POUR QUELQUES BOBARDS DE PLUS...
L’autofiction est décidément un terrain miné dont le dernier roman d’Emmanuel Carrère a fait les frais en pleine rentrée littéraire.
C’est l’histoire d’une citation jugée trop longue par les uns, suffisamment courte par les autres. Une citation à l’origine d’une controverse sentimentalo-littéraire, dont le microcosme germanopratin a le secret. L’accusé avançait pourtant masqué, ou plutôt « vêtu de probité candide et de lin blanc »: Yoga, qui aurait songé qu’un tel titre viendrait alimenter les rubriques people à coup d’ « ellipse narrative » ? L’année 2020 nous aura décidément réservé bien des surprises.
Rappel des faits: la journaliste Hélène Devynck publiait le 29 septembre dernier dans Vanity Fair un véhément (mais pour le moins confus) droit de réponse à l’encontre de son ex-conjoint, l’écrivain Emmanuel Carrère, l’accusant de l’avoir « utilisée » dans son dernier roman, Yoga, une autofiction racontant la dépression que l’écrivain a traversée en 2015, son internement psychiatrique et sa reconstruction, parallèlement à l’évocation de sa pratique du yoga.
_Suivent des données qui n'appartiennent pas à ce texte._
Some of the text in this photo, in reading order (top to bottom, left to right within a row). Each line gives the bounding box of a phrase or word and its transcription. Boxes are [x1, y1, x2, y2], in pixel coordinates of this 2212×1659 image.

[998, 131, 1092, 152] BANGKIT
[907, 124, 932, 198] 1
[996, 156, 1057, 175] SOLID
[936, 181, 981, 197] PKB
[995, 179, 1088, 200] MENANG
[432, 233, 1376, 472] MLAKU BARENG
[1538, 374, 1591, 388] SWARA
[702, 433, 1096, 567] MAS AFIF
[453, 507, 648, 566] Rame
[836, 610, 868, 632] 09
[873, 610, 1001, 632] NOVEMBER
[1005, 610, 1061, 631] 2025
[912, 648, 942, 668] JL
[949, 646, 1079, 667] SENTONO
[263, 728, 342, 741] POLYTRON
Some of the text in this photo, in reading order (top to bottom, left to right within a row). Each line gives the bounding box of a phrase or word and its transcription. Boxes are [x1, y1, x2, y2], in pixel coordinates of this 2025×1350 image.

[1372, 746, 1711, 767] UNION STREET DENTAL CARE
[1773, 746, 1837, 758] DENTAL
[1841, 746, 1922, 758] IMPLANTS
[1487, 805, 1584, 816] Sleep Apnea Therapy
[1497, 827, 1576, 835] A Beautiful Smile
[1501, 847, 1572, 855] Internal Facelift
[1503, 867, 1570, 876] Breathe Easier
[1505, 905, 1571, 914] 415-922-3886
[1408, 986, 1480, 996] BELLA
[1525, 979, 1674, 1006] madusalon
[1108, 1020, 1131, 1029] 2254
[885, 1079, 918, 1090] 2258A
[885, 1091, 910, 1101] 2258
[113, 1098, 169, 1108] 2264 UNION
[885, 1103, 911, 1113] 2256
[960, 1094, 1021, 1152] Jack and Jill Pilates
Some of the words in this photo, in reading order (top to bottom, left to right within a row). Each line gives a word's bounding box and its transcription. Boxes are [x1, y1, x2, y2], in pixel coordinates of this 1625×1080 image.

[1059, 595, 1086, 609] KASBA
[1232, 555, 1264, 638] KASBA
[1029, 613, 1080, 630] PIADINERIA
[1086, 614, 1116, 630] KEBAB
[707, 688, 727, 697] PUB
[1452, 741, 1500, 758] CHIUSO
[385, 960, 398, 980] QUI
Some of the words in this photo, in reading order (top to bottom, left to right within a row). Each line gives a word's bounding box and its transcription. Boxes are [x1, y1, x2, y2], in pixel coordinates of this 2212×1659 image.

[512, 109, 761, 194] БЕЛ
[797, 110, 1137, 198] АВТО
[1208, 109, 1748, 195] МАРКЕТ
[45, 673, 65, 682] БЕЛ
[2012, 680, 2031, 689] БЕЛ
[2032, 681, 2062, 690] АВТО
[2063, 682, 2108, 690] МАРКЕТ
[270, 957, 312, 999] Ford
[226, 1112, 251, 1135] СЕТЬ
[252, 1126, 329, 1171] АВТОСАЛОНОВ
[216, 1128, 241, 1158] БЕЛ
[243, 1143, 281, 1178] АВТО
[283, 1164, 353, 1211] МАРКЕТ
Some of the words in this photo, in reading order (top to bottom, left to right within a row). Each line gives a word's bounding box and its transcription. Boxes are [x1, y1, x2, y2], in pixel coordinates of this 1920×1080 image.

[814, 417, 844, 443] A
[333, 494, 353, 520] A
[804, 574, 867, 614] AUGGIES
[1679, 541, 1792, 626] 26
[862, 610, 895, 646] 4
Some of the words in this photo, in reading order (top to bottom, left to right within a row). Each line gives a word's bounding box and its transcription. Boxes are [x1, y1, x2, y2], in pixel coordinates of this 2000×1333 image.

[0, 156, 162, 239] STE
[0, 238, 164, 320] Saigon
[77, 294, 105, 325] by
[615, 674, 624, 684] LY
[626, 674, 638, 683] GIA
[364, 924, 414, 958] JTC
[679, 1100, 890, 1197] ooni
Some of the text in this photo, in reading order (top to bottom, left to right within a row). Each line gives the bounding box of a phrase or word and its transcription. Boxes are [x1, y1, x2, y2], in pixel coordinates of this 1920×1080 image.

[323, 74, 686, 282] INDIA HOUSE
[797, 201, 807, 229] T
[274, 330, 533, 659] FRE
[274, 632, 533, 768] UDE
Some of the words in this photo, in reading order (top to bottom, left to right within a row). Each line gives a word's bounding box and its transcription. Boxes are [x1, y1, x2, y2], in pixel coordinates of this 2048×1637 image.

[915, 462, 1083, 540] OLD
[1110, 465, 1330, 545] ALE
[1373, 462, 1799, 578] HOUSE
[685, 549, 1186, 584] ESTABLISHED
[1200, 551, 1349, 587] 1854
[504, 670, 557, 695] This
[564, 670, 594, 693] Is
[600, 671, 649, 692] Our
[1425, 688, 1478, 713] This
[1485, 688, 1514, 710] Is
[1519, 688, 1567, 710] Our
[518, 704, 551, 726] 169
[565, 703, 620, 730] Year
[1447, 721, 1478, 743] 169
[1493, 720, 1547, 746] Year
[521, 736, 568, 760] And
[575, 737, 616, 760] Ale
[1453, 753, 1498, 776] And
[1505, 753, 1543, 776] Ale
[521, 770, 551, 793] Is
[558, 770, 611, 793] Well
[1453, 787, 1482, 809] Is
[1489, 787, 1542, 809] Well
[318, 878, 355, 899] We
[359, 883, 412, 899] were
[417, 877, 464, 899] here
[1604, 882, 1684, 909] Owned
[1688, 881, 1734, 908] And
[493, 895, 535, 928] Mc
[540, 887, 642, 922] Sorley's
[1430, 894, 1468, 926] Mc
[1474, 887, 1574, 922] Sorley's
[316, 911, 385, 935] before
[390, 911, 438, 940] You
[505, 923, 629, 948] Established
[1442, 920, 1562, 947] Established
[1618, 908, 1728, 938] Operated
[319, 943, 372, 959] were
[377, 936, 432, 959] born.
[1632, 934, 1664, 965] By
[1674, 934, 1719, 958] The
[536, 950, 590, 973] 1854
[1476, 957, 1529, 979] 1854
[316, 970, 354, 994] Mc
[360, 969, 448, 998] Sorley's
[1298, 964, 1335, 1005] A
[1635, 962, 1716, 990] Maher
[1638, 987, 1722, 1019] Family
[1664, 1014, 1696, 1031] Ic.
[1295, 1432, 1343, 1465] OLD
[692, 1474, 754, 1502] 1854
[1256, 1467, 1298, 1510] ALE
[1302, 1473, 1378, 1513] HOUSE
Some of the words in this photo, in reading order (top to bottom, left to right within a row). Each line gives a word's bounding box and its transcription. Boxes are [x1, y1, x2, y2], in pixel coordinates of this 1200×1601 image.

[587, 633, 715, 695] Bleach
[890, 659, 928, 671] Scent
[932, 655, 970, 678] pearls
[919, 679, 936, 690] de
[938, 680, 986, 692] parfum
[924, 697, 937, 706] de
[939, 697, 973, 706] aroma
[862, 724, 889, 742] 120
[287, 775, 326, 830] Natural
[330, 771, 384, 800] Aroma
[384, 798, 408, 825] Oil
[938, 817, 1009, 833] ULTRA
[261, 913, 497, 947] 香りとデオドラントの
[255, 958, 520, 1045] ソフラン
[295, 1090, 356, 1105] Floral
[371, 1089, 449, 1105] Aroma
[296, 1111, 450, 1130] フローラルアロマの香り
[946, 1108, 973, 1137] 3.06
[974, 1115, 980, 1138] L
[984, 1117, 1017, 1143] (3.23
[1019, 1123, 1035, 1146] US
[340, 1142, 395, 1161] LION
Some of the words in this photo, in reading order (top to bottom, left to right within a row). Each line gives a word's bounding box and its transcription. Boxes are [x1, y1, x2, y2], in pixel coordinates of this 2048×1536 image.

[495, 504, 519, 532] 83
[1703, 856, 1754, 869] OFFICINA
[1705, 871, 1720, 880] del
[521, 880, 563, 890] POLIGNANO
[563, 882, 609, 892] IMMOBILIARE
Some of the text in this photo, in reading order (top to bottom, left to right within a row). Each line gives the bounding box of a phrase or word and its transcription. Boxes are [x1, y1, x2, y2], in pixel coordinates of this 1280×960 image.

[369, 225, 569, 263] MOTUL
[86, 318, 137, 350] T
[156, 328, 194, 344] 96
En 400 pages, le prénom d’Hélène Devynck n’apparaît que par le biais d’une citation extraite d’un précédent roman de l’écrivain, D’autres vies que la mienne (2009). Une citation jugée « anormalement longue » par la journaliste, qui accuse son ex-conjoint de « ruse grossière » et de n’avoir pas respecté le contrat signé à la suite de leur séparation. Mais si le droit français peut sanctionner des textes susceptibles de porter atteinte à la vie privée, il ne punit pas encore – et c’est heureux – le manque d’élégance.
GONCOURT, LA CONTROVERSE
Une seconde controverse – un brin plus intéressante – s’est ensuite greffée à la première : Yoga a-t-il manqué le prix Goncourt en raison de ce déballage médiatique ? En dépit d’une enthousiaste réception publique et critique, l’ouvrage avait peu de chances de l’emporter, l’académie Goncourt récompensant un « ouvrage d’imagination en prose ». Ce que Yoga n’est pas, malgré le « recours à une part de fiction » évoqué par Frédéric Boyer, directeur des éditions P.O.L, en réponse aux accusations d’Hélène Devynck. « Emmanuel Carrère a été contraint de faire des mensonges par omission » et donc de recourir à cette fameuse « ellipse narrative ». Le plus cruel, dans cette affaire, réside ainsi dans le fait que, sans cette contrainte, sans ce contrat liant l’écrivain à son ex-épouse, Yoga, qui a nécessité un important travail de relecture et le conseil d’un avocat, aurait peut-être été moins profond et moins virtuose sans la menace qui planait sur sa parution.